### Exercise aim:
Print the entries below in their entirety, exactly as they are written.

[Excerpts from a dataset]
---------------
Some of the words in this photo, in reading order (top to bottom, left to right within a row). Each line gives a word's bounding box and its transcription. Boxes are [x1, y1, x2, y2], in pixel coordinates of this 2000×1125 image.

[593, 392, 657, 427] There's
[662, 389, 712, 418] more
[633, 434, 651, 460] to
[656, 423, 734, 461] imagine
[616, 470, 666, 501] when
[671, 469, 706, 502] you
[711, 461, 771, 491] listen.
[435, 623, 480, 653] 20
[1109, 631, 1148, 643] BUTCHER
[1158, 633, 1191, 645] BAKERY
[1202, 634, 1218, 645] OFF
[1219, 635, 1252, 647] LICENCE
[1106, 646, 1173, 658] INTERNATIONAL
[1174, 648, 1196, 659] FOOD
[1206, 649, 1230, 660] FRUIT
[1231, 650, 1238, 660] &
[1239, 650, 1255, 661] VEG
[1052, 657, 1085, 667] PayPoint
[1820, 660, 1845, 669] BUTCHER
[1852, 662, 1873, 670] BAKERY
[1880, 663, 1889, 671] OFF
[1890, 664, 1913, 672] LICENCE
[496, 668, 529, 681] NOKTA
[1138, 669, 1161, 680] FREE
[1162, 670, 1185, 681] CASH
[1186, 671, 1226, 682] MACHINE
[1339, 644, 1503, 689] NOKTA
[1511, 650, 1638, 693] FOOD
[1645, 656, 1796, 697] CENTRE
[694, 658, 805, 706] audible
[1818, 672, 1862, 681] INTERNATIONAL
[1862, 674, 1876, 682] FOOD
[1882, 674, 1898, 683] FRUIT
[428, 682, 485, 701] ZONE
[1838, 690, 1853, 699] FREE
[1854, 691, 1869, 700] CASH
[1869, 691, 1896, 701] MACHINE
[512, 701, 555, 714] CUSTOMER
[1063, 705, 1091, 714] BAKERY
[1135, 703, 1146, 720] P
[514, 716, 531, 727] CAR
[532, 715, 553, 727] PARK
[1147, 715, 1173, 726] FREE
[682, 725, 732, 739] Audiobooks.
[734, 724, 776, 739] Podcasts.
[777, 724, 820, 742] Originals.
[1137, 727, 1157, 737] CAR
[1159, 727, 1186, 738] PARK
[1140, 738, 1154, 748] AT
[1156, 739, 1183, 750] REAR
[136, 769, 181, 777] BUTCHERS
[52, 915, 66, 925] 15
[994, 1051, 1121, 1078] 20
---------------
### Answer to this problem:
Some of the words in this photo, in reading order (top to bottom, left to right within a row). Each line gives a word's bounding box and its transcription. Boxes are [x1, y1, x2, y2], in pixel coordinates of this 2000×1125 image.

[593, 392, 657, 427] There's
[662, 389, 712, 418] more
[633, 434, 651, 460] to
[656, 423, 734, 461] imagine
[616, 470, 666, 501] when
[671, 469, 706, 502] you
[711, 461, 771, 491] listen.
[435, 623, 480, 653] 20
[1109, 631, 1148, 643] BUTCHER
[1158, 633, 1191, 645] BAKERY
[1202, 634, 1218, 645] OFF
[1219, 635, 1252, 647] LICENCE
[1106, 646, 1173, 658] INTERNATIONAL
[1174, 648, 1196, 659] FOOD
[1206, 649, 1230, 660] FRUIT
[1231, 650, 1238, 660] &
[1239, 650, 1255, 661] VEG
[1052, 657, 1085, 667] PayPoint
[1820, 660, 1845, 669] BUTCHER
[1852, 662, 1873, 670] BAKERY
[1880, 663, 1889, 671] OFF
[1890, 664, 1913, 672] LICENCE
[496, 668, 529, 681] NOKTA
[1138, 669, 1161, 680] FREE
[1162, 670, 1185, 681] CASH
[1186, 671, 1226, 682] MACHINE
[1339, 644, 1503, 689] NOKTA
[1511, 650, 1638, 693] FOOD
[1645, 656, 1796, 697] CENTRE
[694, 658, 805, 706] audible
[1818, 672, 1862, 681] INTERNATIONAL
[1862, 674, 1876, 682] FOOD
[1882, 674, 1898, 683] FRUIT
[428, 682, 485, 701] ZONE
[1838, 690, 1853, 699] FREE
[1854, 691, 1869, 700] CASH
[1869, 691, 1896, 701] MACHINE
[512, 701, 555, 714] CUSTOMER
[1063, 705, 1091, 714] BAKERY
[1135, 703, 1146, 720] P
[514, 716, 531, 727] CAR
[532, 715, 553, 727] PARK
[1147, 715, 1173, 726] FREE
[682, 725, 732, 739] Audiobooks.
[734, 724, 776, 739] Podcasts.
[777, 724, 820, 742] Originals.
[1137, 727, 1157, 737] CAR
[1159, 727, 1186, 738] PARK
[1140, 738, 1154, 748] AT
[1156, 739, 1183, 750] REAR
[136, 769, 181, 777] BUTCHERS
[52, 915, 66, 925] 15
[994, 1051, 1121, 1078] 20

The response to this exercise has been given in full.